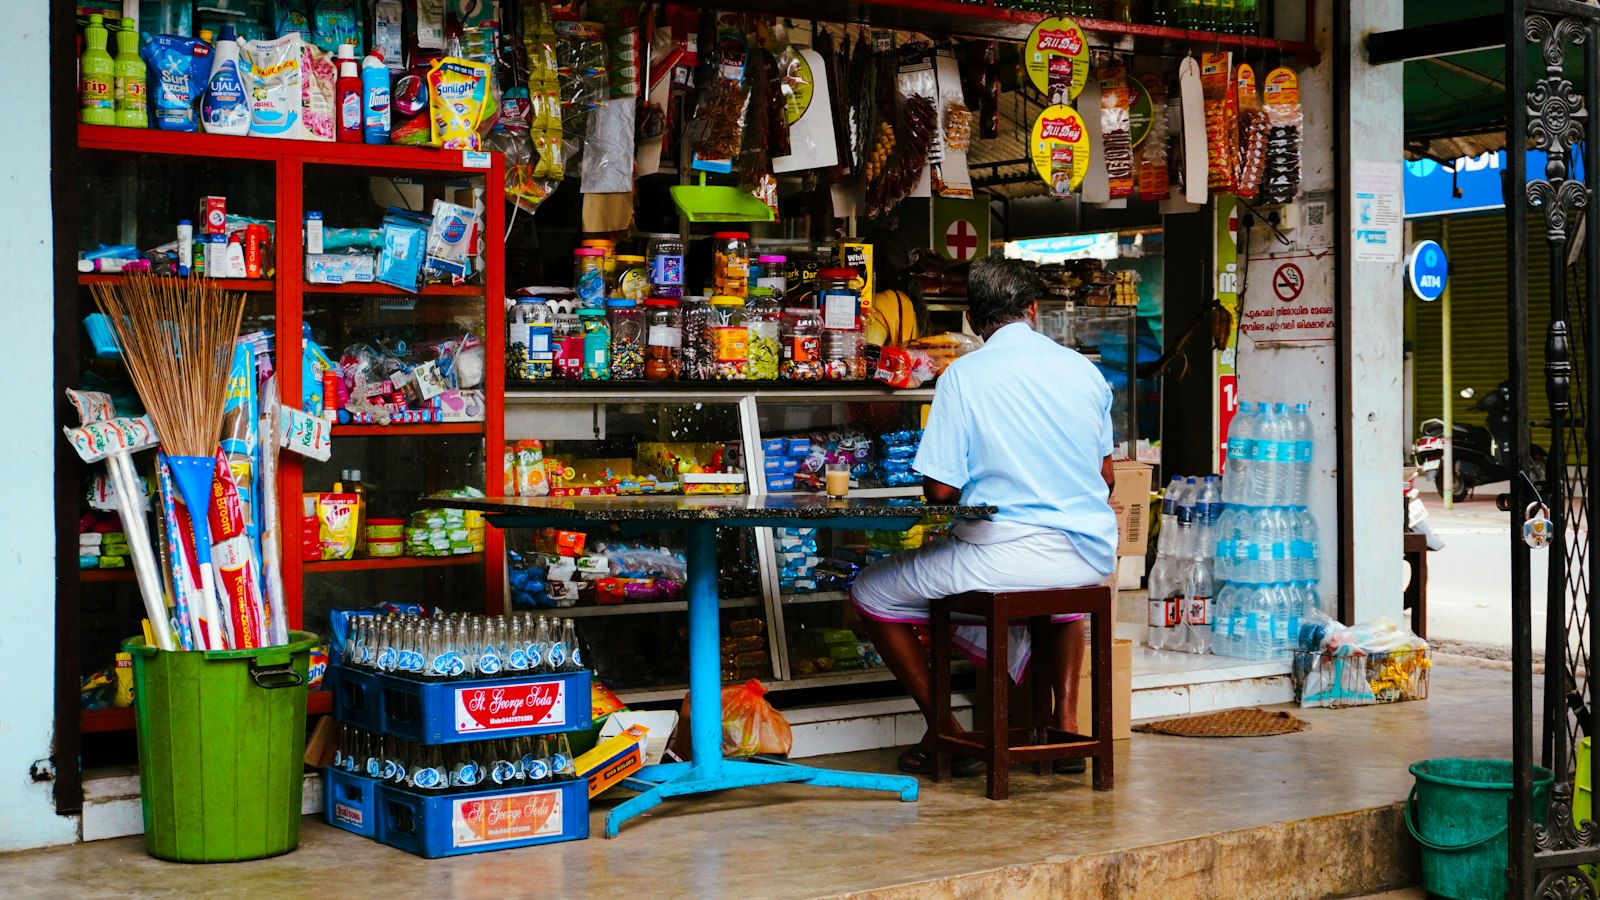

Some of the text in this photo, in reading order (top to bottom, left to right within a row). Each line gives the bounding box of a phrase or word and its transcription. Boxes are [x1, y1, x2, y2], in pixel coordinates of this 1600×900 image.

[1039, 37, 1081, 54] All Day
[161, 70, 190, 84] Surf
[256, 66, 276, 77] VALUE
[83, 80, 106, 94] Tip
[162, 82, 190, 93] excel
[211, 82, 241, 92] UJALA
[437, 80, 476, 96] Sunlight
[1042, 124, 1081, 140] All Day
[249, 235, 257, 260] Cuticura
[847, 253, 870, 263] White
[802, 270, 818, 280] Dar
[1420, 275, 1441, 288] ATM
[302, 418, 313, 447] Kerala
[518, 450, 543, 464] TANG
[217, 497, 232, 535] Broom
[325, 505, 350, 528] Vim
[227, 544, 238, 565] Kerala
[235, 575, 246, 613] Kerala
[489, 688, 525, 716] George
[526, 686, 552, 707] Soda
[606, 757, 635, 778] SOFTER BAR
[488, 799, 522, 827] George
[524, 796, 550, 816] Soda

◆ ◆ ◆

You are asked to output the records precisely as they appear, minus any pictures.

Some of the text in this photo, in reading order (top to bottom, left to right within a row). Each line gives the bounding box of a phrase or word and its transcription. Boxes are [x1, y1, x2, y2], in pixel coordinates of this 1600×900 image.

[1039, 37, 1081, 54] All Day
[161, 70, 190, 84] Surf
[256, 66, 276, 77] VALUE
[83, 80, 106, 94] Tip
[162, 82, 190, 93] excel
[211, 82, 241, 92] UJALA
[437, 80, 476, 96] Sunlight
[1042, 124, 1081, 140] All Day
[249, 235, 257, 260] Cuticura
[847, 253, 870, 263] White
[802, 270, 818, 280] Dar
[1420, 275, 1441, 288] ATM
[302, 418, 313, 447] Kerala
[518, 450, 543, 464] TANG
[217, 497, 232, 535] Broom
[325, 505, 350, 528] Vim
[227, 544, 238, 565] Kerala
[235, 575, 246, 613] Kerala
[489, 688, 525, 716] George
[526, 686, 552, 707] Soda
[606, 757, 635, 778] SOFTER BAR
[488, 799, 522, 827] George
[524, 796, 550, 816] Soda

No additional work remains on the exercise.